Raising a child with a disability can be very expensive and financial planning must address two considerations: the care costs incurred during the parents’ lifetime, and those that will need to be met once the parents have passed away.

A child with special needs can have a multitude of expenses, determined by their capabilities and health, as well as the family’s lifestyle. Housing for a disabled adult is one of the greatest costs. For example, some adults with cognitive or developmental disabilities may benefit from living in a group home, which can be pricey. Others may need constant care. This is usually provided by parents initially, but after their death, professionals will need to take over. Anyone who lacks capacity to manage their own affairs must have a guardian who can take responsibility for finances, coordinate care, and make medical decisions. The most effective way to protect the best interests of a child with a disability is to create a special needs trust (SNT).

A crucial consideration in establishing a special needs trust is maintaining the beneficiary’s eligibility for government benefits, such as Medicaid and Supplemental Security Income (SSI). Income and asset caps govern access to these programs and poor planning could jeopardize eligibility. Assets contained within a properly structured SNT can be used for expenses other than food and housing. Trust assets can fund enrichment activities, education, travel, entertainment and other activities or purchases that can significantly enhance a child’s quality of life. Funds held within the trust are also shielded from claims by creditors.
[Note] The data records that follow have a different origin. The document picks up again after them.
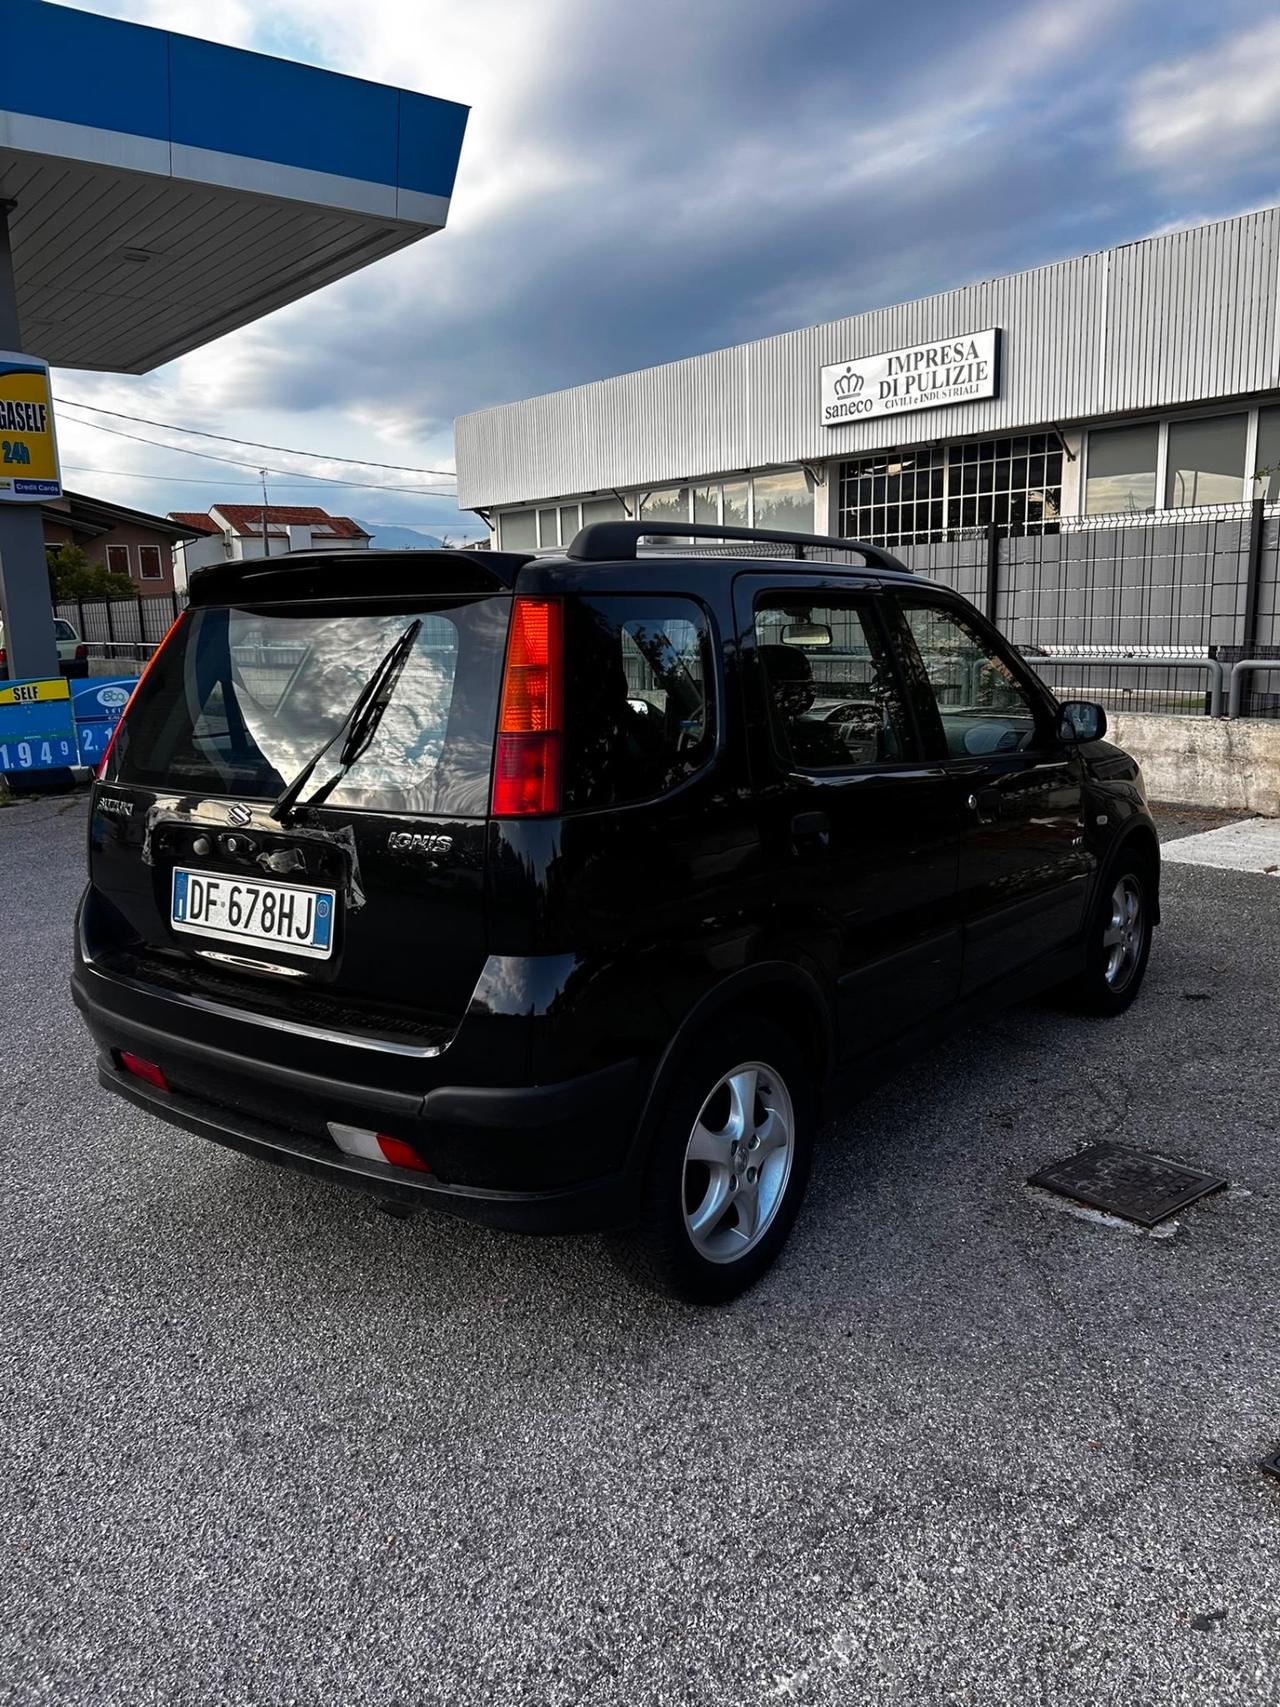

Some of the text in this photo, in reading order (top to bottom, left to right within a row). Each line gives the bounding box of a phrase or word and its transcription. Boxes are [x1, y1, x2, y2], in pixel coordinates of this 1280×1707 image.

[887, 340, 979, 377] IMPRESA
[879, 360, 988, 400] DI PULIZIE
[884, 396, 912, 409] CIVILI
[920, 383, 979, 403] INDUSTRIALI
[0, 400, 47, 433] GASELF
[825, 398, 873, 420] saneco
[2, 440, 31, 465] 24h
[16, 483, 37, 491] Credit
[38, 484, 59, 492] Cards
[12, 686, 39, 701] SELF
[387, 831, 453, 852] IGNIS
[190, 879, 220, 922] DF
[228, 885, 313, 940] 678HJ
The most common type of special needs trust is a third-party trust. The grantor, typically the parents, can fund the trust with their own assets or use life insurance to fund a trust that is structured during their lifetimes. The insurance policy’s death benefit can be paid directly into the trust on a parent’s demise, rather than directly to the child. However, any party other than the trust’s beneficiary can create and fund the vehicle, as well as designate a trustee.

In establishing a third-party special needs trust, many families begin by considering another family member or friend to serve as trustee. They may believe that only a close relation will act in the best interests of the child and operate in accordance with the family’s values. While this is understandable, other factors should be considered. For example, what happens if the family member appointed as trustee dies or becomes incapacitated – who would assume responsibility? Trusteeship comes with responsibilities beyond simply looking after the child’s best interests. There are legal and administrative obligations, such as filing taxes, managing disbursements, paying bills and more. Mistakes by the trustee could threaten eligibility for benefits, or even the trust’s existence.
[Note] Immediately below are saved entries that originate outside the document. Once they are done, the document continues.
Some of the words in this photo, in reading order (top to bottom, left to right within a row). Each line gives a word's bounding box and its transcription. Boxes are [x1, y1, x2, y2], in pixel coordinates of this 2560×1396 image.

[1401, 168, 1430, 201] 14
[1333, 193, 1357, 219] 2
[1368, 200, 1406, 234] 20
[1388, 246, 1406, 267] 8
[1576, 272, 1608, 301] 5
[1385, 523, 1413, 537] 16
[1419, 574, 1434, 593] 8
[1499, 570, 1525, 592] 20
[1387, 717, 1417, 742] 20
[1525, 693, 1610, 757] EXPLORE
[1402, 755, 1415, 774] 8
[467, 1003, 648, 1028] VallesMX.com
Professional trustees, fiduciaries and legally obligated to manage the trust in the beneficiary’s best interest, are often better suited to the task. Many banks have trust departments offering professional trustee services and law firms may offer services as well. To ensure that the child’s care is in line with the family’s values, a family member or friend can be appointed as co-trustee.

Another type of special needs trust is the first-party, or self-settled trust. This can be created under particular conditions, for example, in the case of a disabled person who was not a special needs child, but an adult who owned assets prior to becoming disabled, or perhaps a child with a disability who received an inheritance outright. A first-party trust is funded with assets directly owned by the trust beneficiary. When disability is caused by an accident or medical malpractice and the victim receives a court-mandated settlement, the funds are typically paid into a first-party special needs trust that is managed by a court-appointed trustee.
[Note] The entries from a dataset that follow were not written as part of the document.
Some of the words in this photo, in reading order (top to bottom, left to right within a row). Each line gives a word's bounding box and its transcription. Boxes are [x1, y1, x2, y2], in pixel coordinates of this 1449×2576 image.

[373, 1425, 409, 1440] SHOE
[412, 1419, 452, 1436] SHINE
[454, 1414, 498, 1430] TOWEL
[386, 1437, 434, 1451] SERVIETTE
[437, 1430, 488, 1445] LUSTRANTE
The most important difference between the two trust types is the disposition of assets following the beneficiary’s death. With a third-party special needs trust, the grantor (who established and funded the trust) can direct what will happen to the assets when the beneficiary dies. In the case of first-party, self-settled trusts, any assets remaining must be used to repay the Medicaid benefits the beneficiary used during his or her lifetime.

Most families opt to create a third-party special needs trust, since they can ensure that the assets will continue to support their long-term estate planning goals after the beneficiary’s death. They may wish to keep the assets within the family, use the money to fund charitable goals, or direct it elsewhere. No matter what type of special needs trust is ultimately appropriate for a family’s unique situation, the fact remains that early planning is the best way to ensure future security.